To experiment, I downloaded an apache hadoop 2.7.1 binary package and followed the single node pseudo distributed node instructions to get a cluster running on my Mac. My next step was to add hadoop proxy settings for the httpfs gateway to core-site.xml. For example:
<property> <name>hadoop.proxyuser.root.hosts</name> <value>*</value> </property> <property> <name>hadoop.proxyuser.root.groups</name> <value>*</value>
which states that the user 'root' is allowed to proxy as other users from any host. This is a horrible idea in practice, but I was okay running it locally on my laptop for the time I spent looking into this. If this was actually being deployed, create an account that will run the httpfs service and swap 'root' with that account name. Why I used root to run the httpfs process instead of my own user account is hdfs is smart enough to prevent proxy users from running commands. When httpfs was running as my local account, I would receive error messages stating "userx is not allowed to impersonate userx" (where userx is my local account).
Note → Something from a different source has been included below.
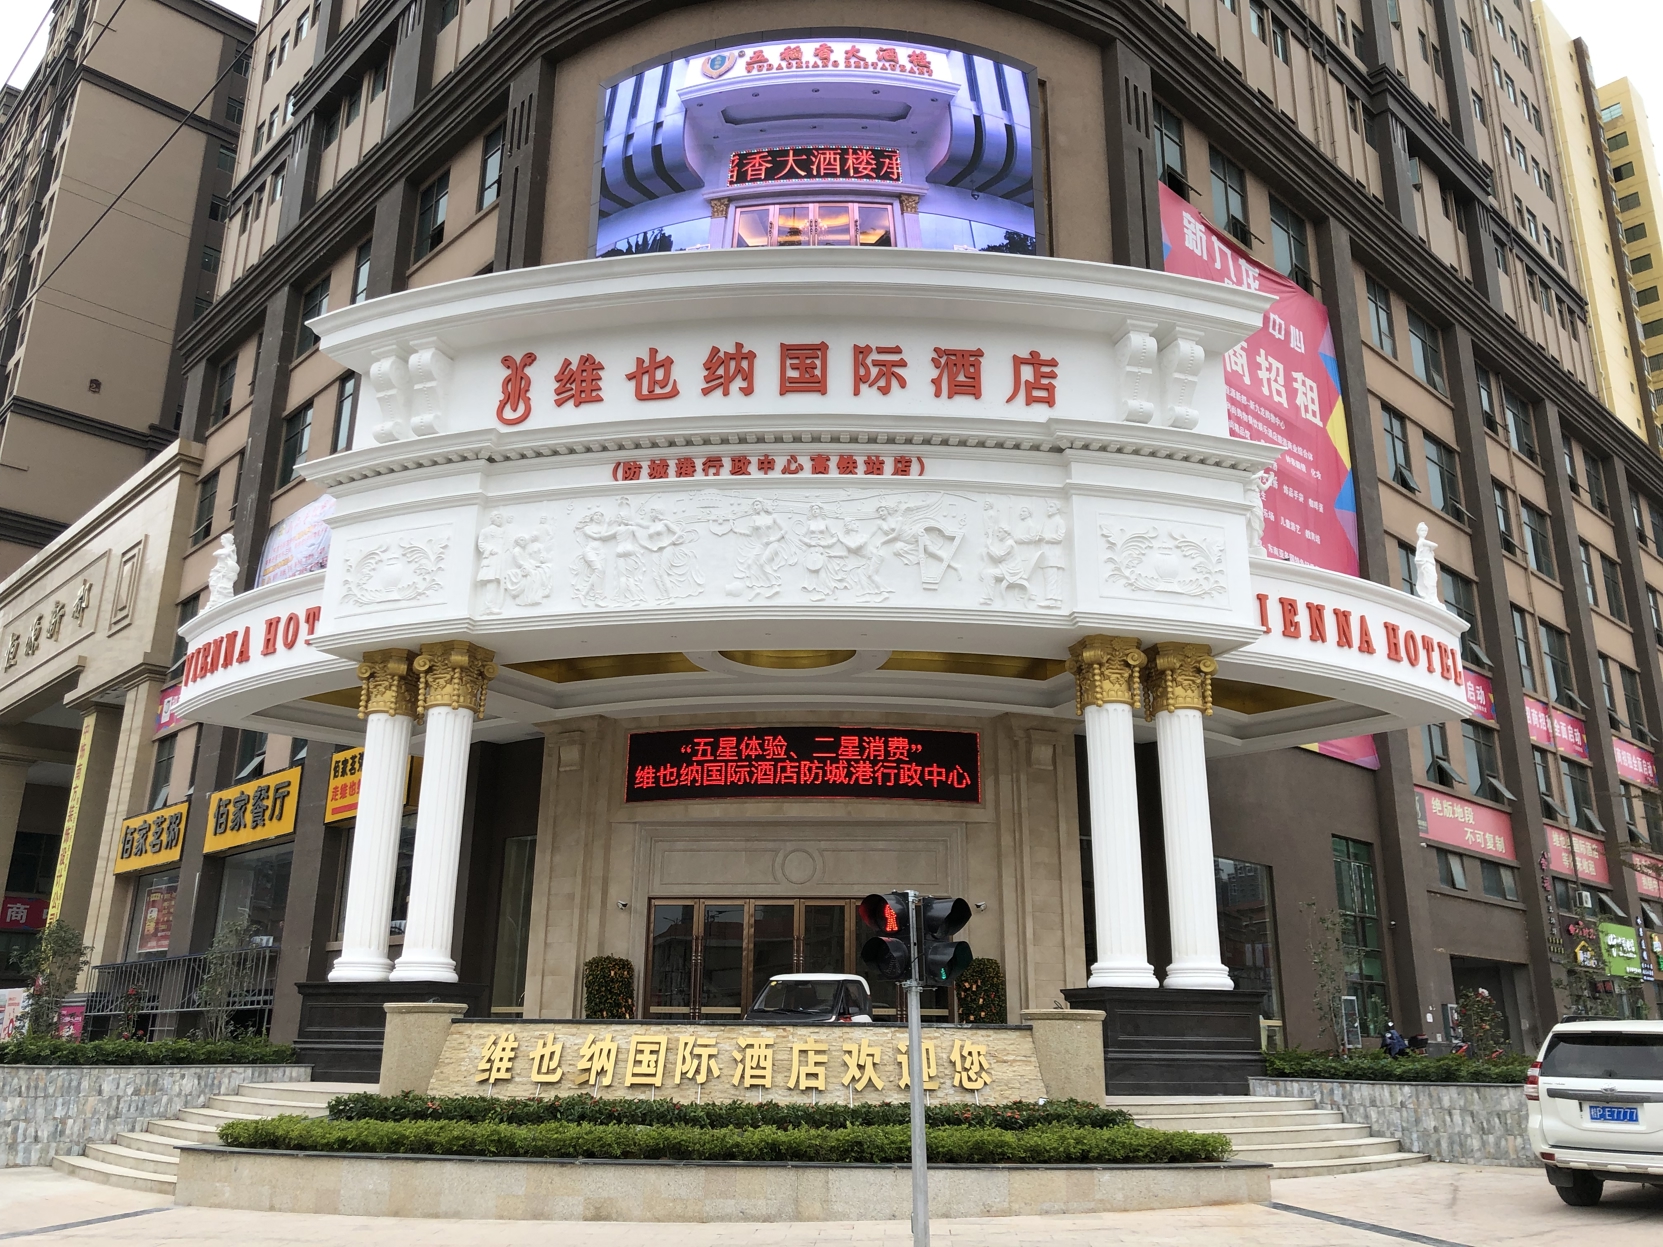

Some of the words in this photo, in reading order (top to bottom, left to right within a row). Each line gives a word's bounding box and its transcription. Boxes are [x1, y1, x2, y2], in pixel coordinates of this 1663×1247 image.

Installing haproxy was very easy as I was able to run 'brew install haproxy'. Writing a config for haproxy was a differnt matter and is where I spent most of my time. This is the haproxy config I used for testing. Once again I'd verify haproxy settings before deploying this to production.
localhost:haproxy_webhdfs $ cat haproxy.conf global user opsmekanix group omx defaults mode http option forwardfor http-reuse always timeout connect 5000 timeout client 50000 timeout server 50000 frontend yourservername bind *:1337 default_backend httpfs backend httpfs server httpfs localhost:14000 listen statistics bind *:8778 mode http stats enable stats show-desc @opsmekanix HAProxy Status stats uri /
This allows the following logical connections to occur. Commands like hadoop distcp ./etc/hadoop webhdfs://localhost:1337/user/foo/distcp_test will be succussful and testing will show TCP traffic moves through the haproxy process. Notice the local host port number is not 14000 (httpfs) or 50070 (webhdfs), but is the port that haproxy (1337) is configured to listen on.
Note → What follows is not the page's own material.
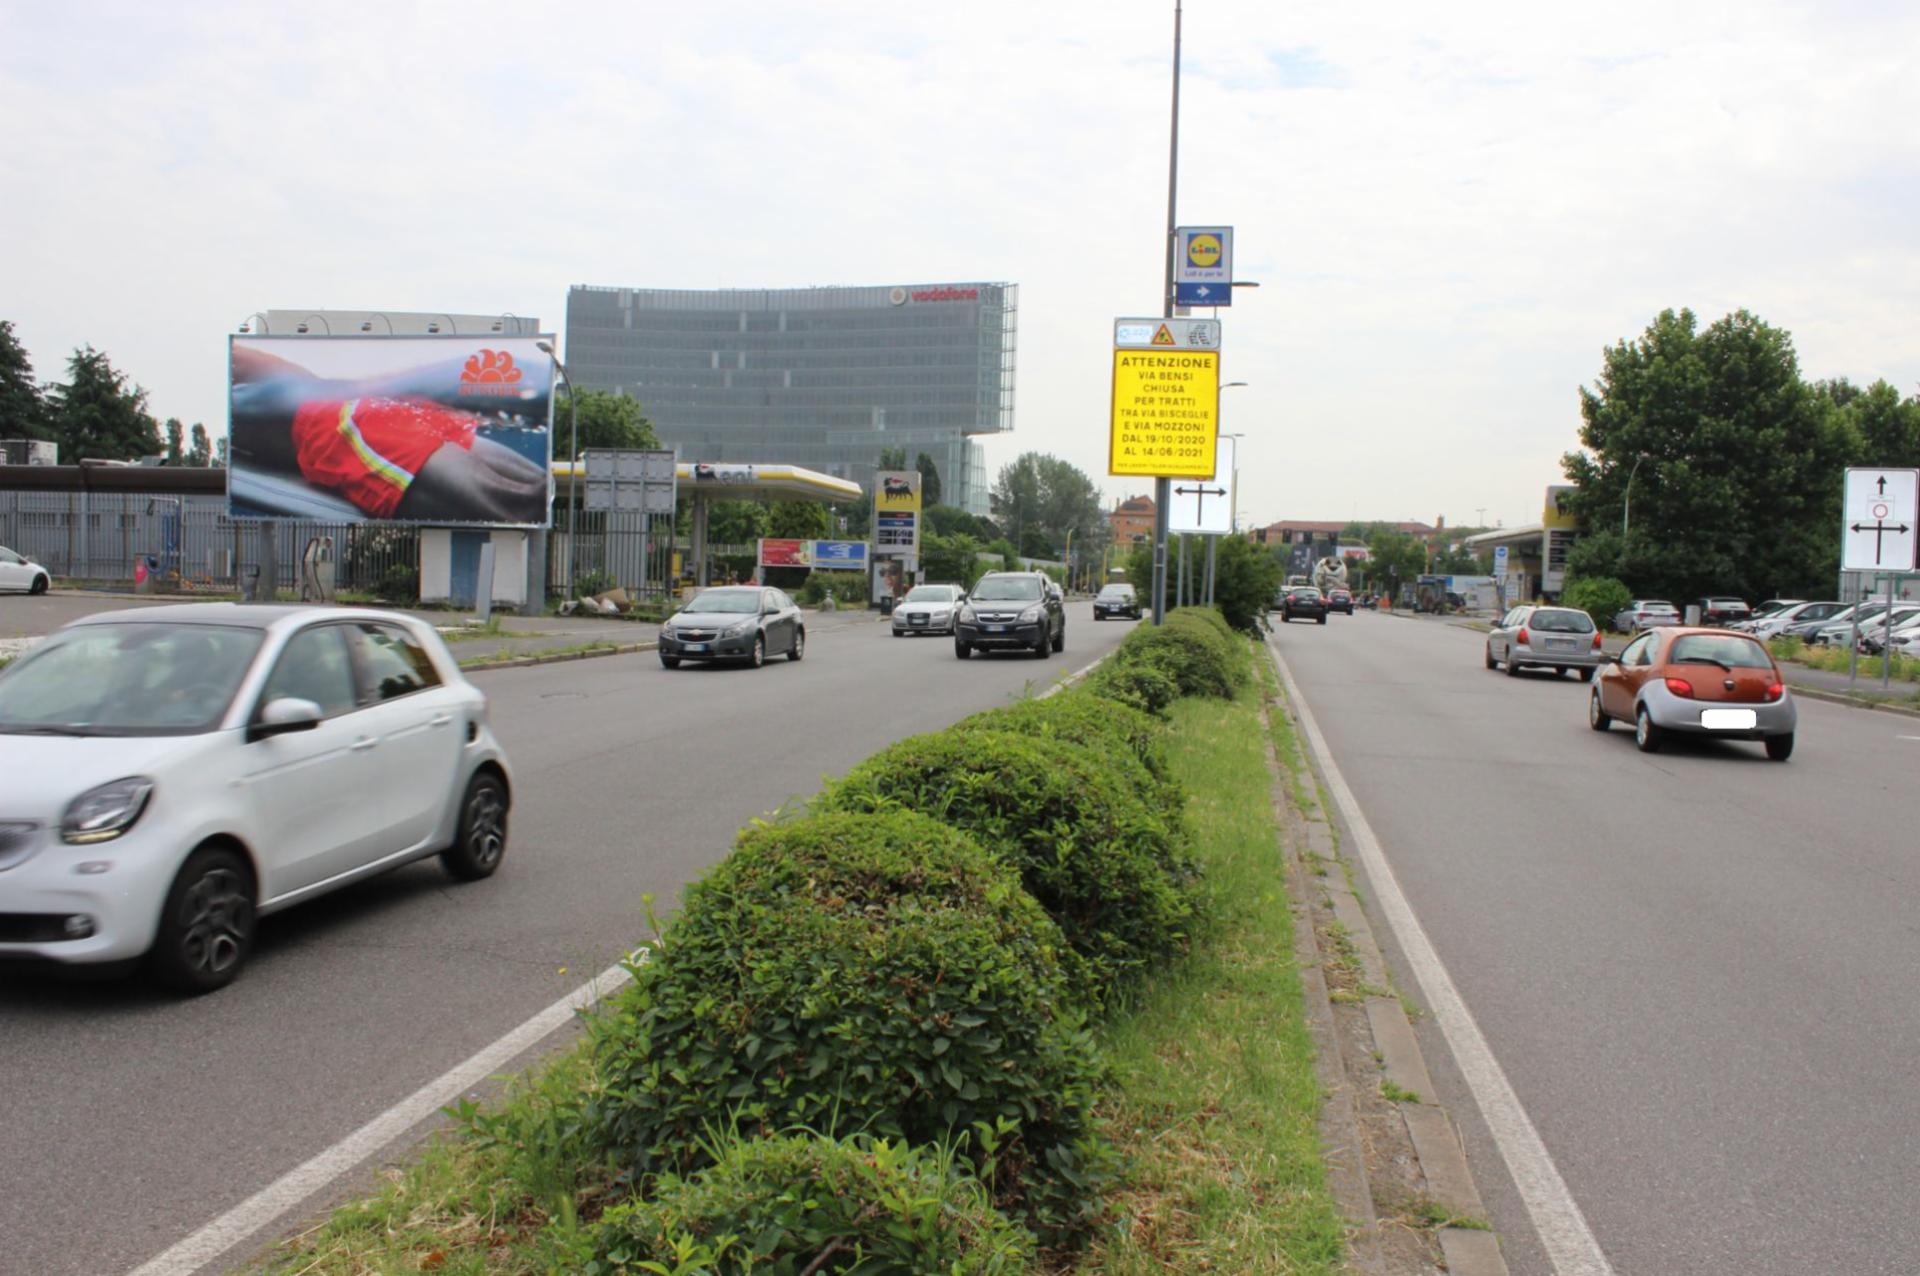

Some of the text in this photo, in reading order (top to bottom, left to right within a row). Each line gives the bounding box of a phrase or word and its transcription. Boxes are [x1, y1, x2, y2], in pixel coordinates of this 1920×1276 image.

-------- --------- -------- --------- |client| -> |haproxy| -> |httpfs| -> |namenode| -------- <- --------- <- -------- <- --------- | ^ v | --------- |datanode| ---------
I'm actually a little excited that this works as it's possible the layer 7 proxy could be scaled up to support multiple httpfs gateways if needed. This was tested with hdfs in "simple" authentication mode. I believe it should also work with a cluster secured by Kerberos as the authentication bits are passed back and forth in the HTTP headers webhdfs uses during the request. More work would be needed to confirm this is the case.
Also one might ask, why bother with using the httpfs service if a layer 7 proxy can do something similar? Remember that during a webhdfs connection, the namenode returns a 307 response to the webhdfs client. The location of the redirect in the http header would need to be dynamically modified in the response so the redirect uses the layer7 proxy, and the proxy would need to be aware of all datanodes in the cluster. Essentially one would need to configure a transparent forward proxy for the webhdfs clients. I think replacing httpfs with a layer7 proxy is possible, but the implementation would be simplier using features provided by the linux kerenl, which are missing on OS X.